>>>

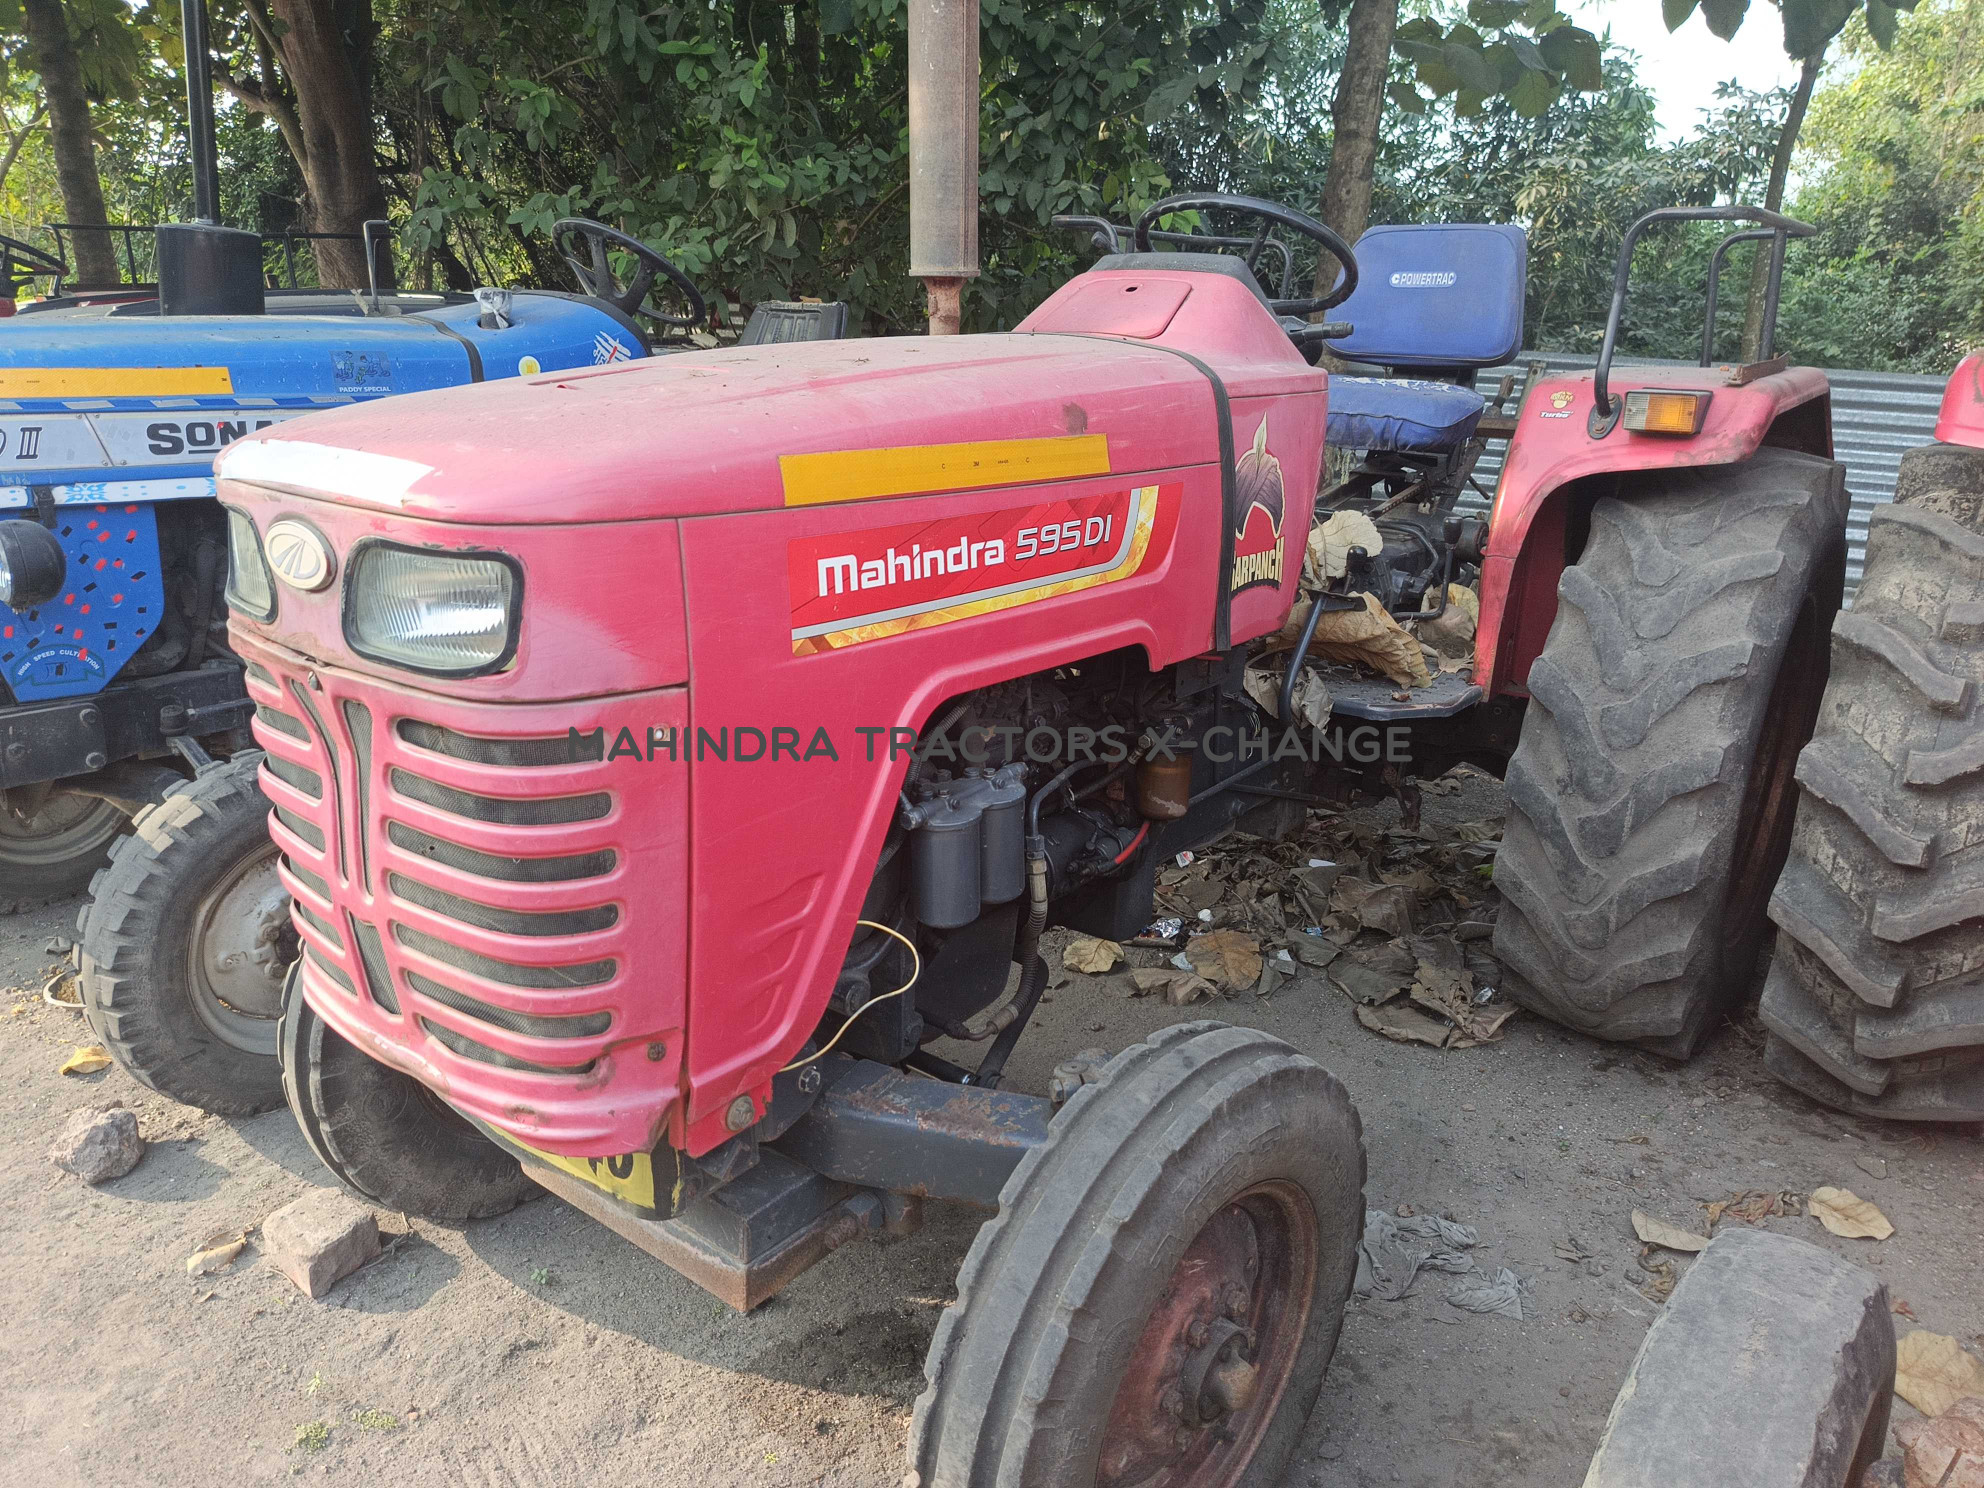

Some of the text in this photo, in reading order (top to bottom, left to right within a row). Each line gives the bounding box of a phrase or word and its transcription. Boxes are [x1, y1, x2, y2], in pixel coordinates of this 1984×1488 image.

[1400, 272, 1455, 285] POWERTRAC
[817, 536, 1005, 597] Mahindra
[17, 649, 100, 676] HIGH SPEED CULTITION
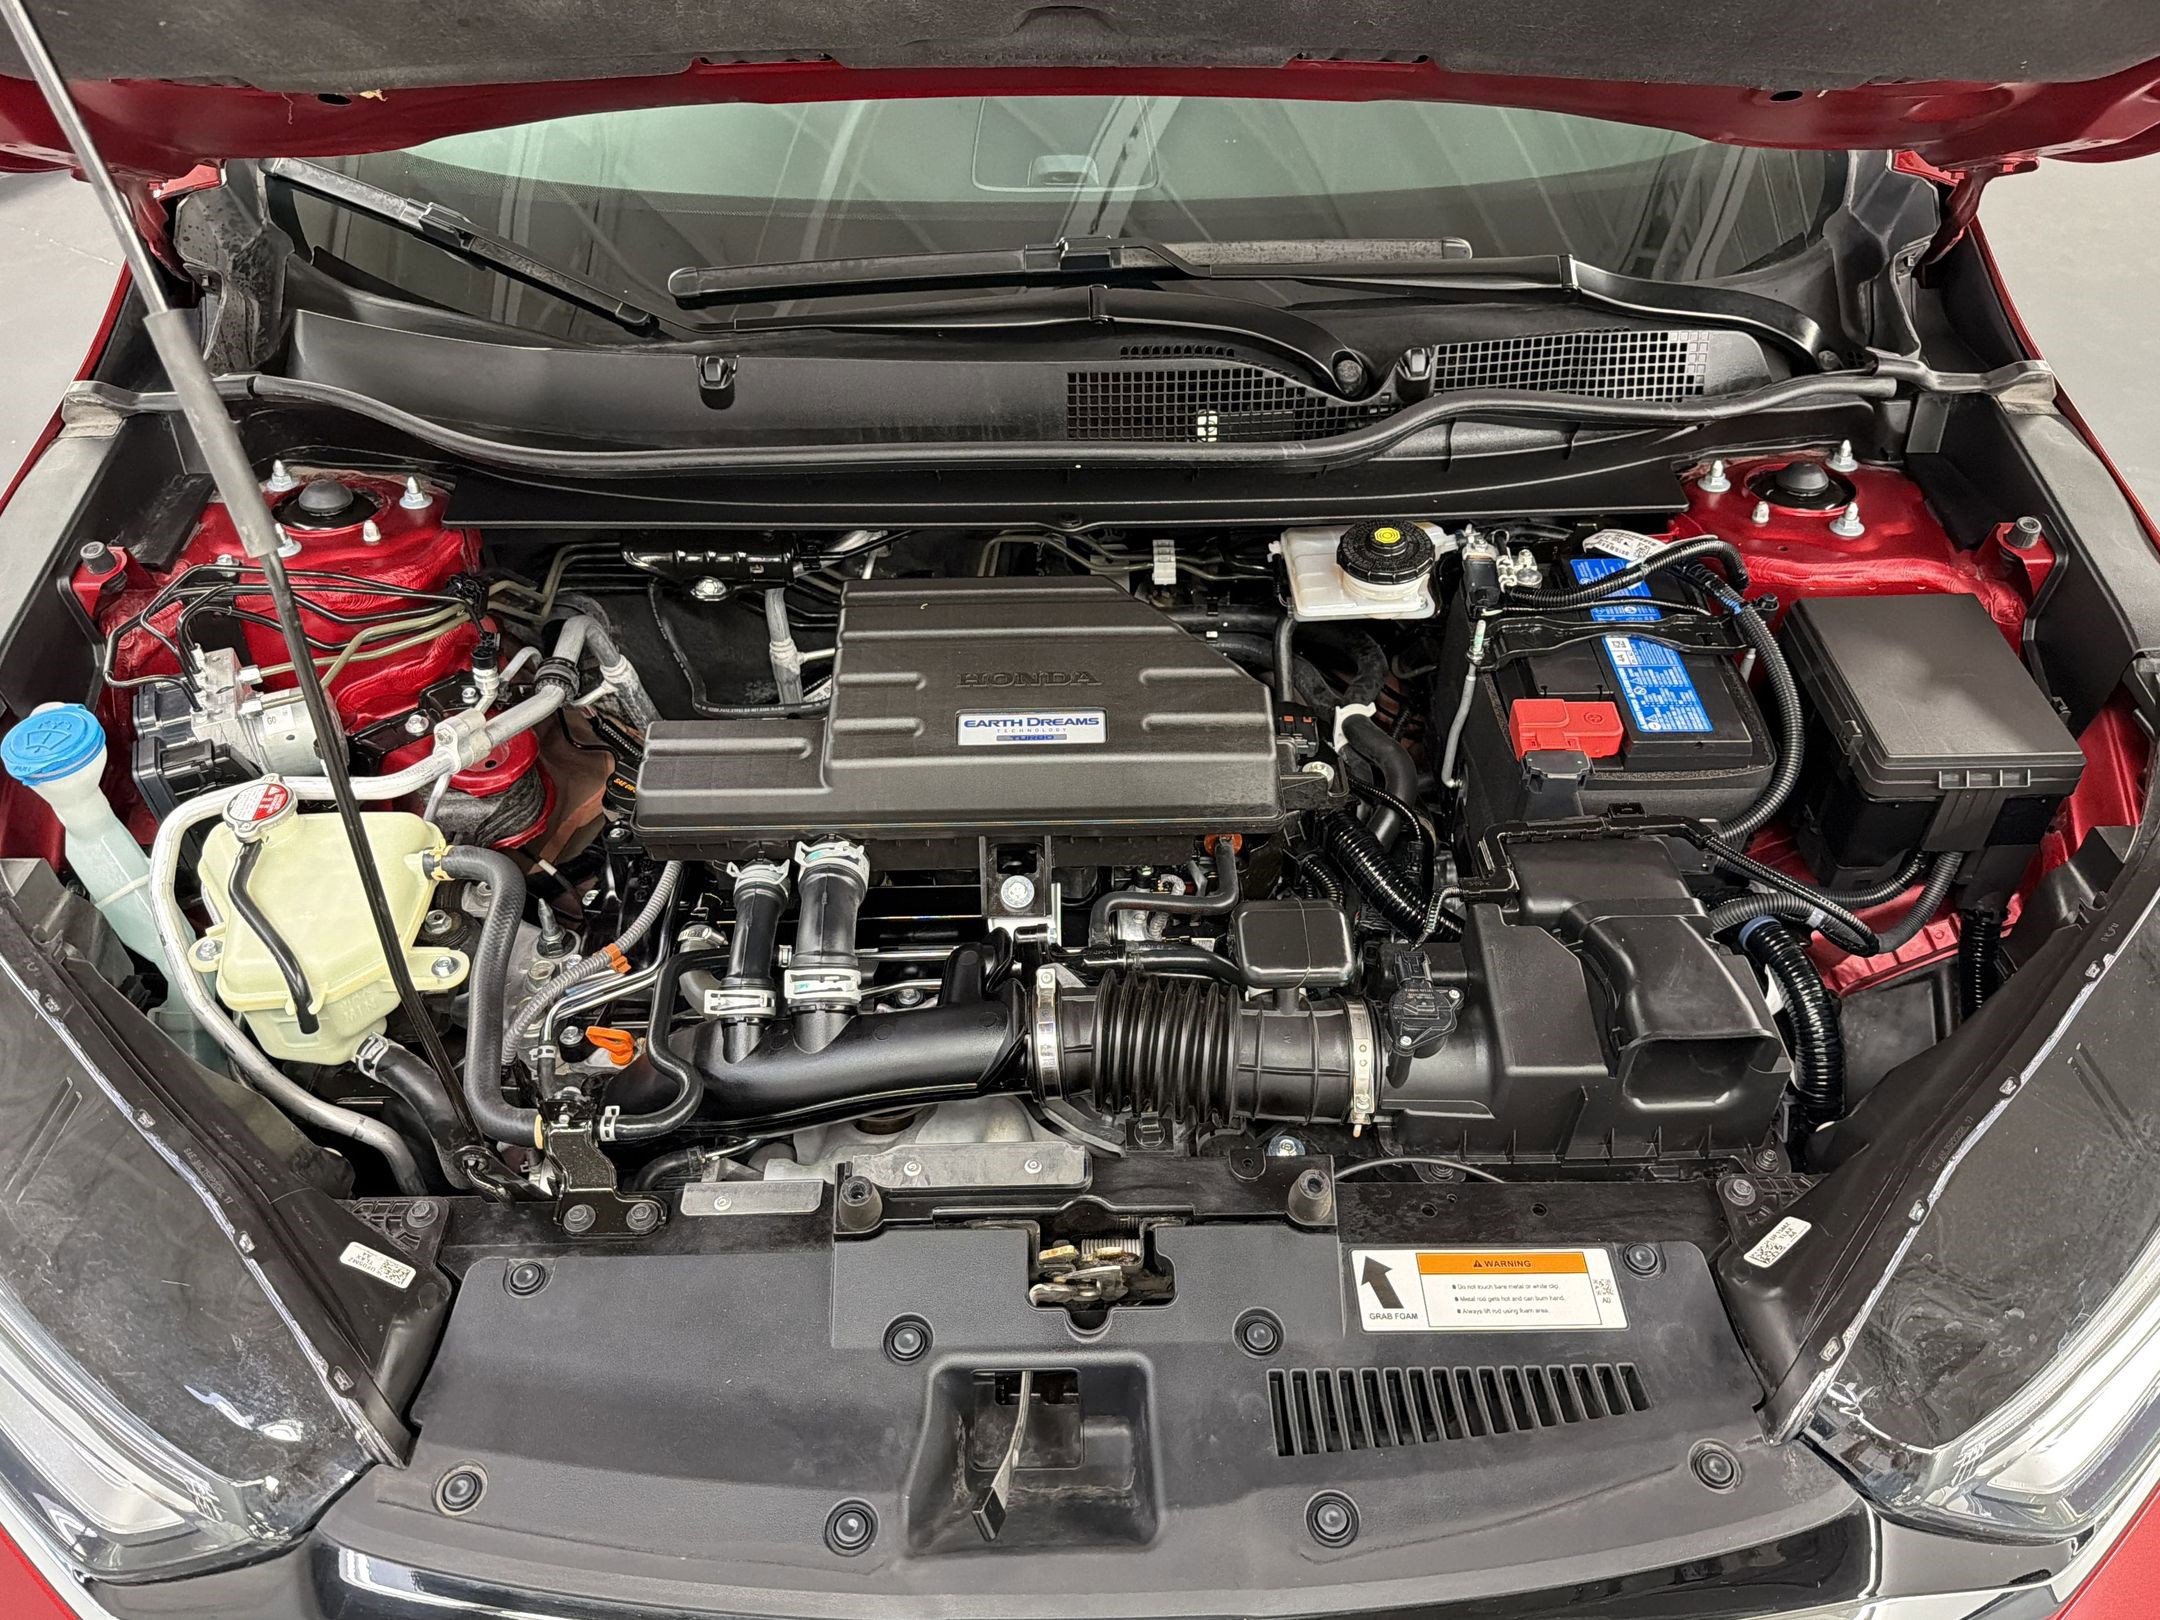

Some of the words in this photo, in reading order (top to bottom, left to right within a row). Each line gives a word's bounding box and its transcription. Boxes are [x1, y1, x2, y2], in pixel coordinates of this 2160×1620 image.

<<<

■ **Exercise instructions**
In your transcription of the listing above, match each line exactly and include no pictures.

■ **Expected answer**
Some of the text in this photo, in reading order (top to bottom, left to right within a row). Each line gives the bounding box of a phrase or word and its transcription. Boxes are [x1, y1, x2, y2], in pixel coordinates of this 1984×1488 image.

[1400, 272, 1455, 285] POWERTRAC
[817, 536, 1005, 597] Mahindra
[17, 649, 100, 676] HIGH SPEED CULTITION

Some of the words in this photo, in reading order (top to bottom, left to right within a row). Each line gives a word's bounding box and its transcription. Boxes are [x1, y1, x2, y2], in pixel coordinates of this 2160×1620 image.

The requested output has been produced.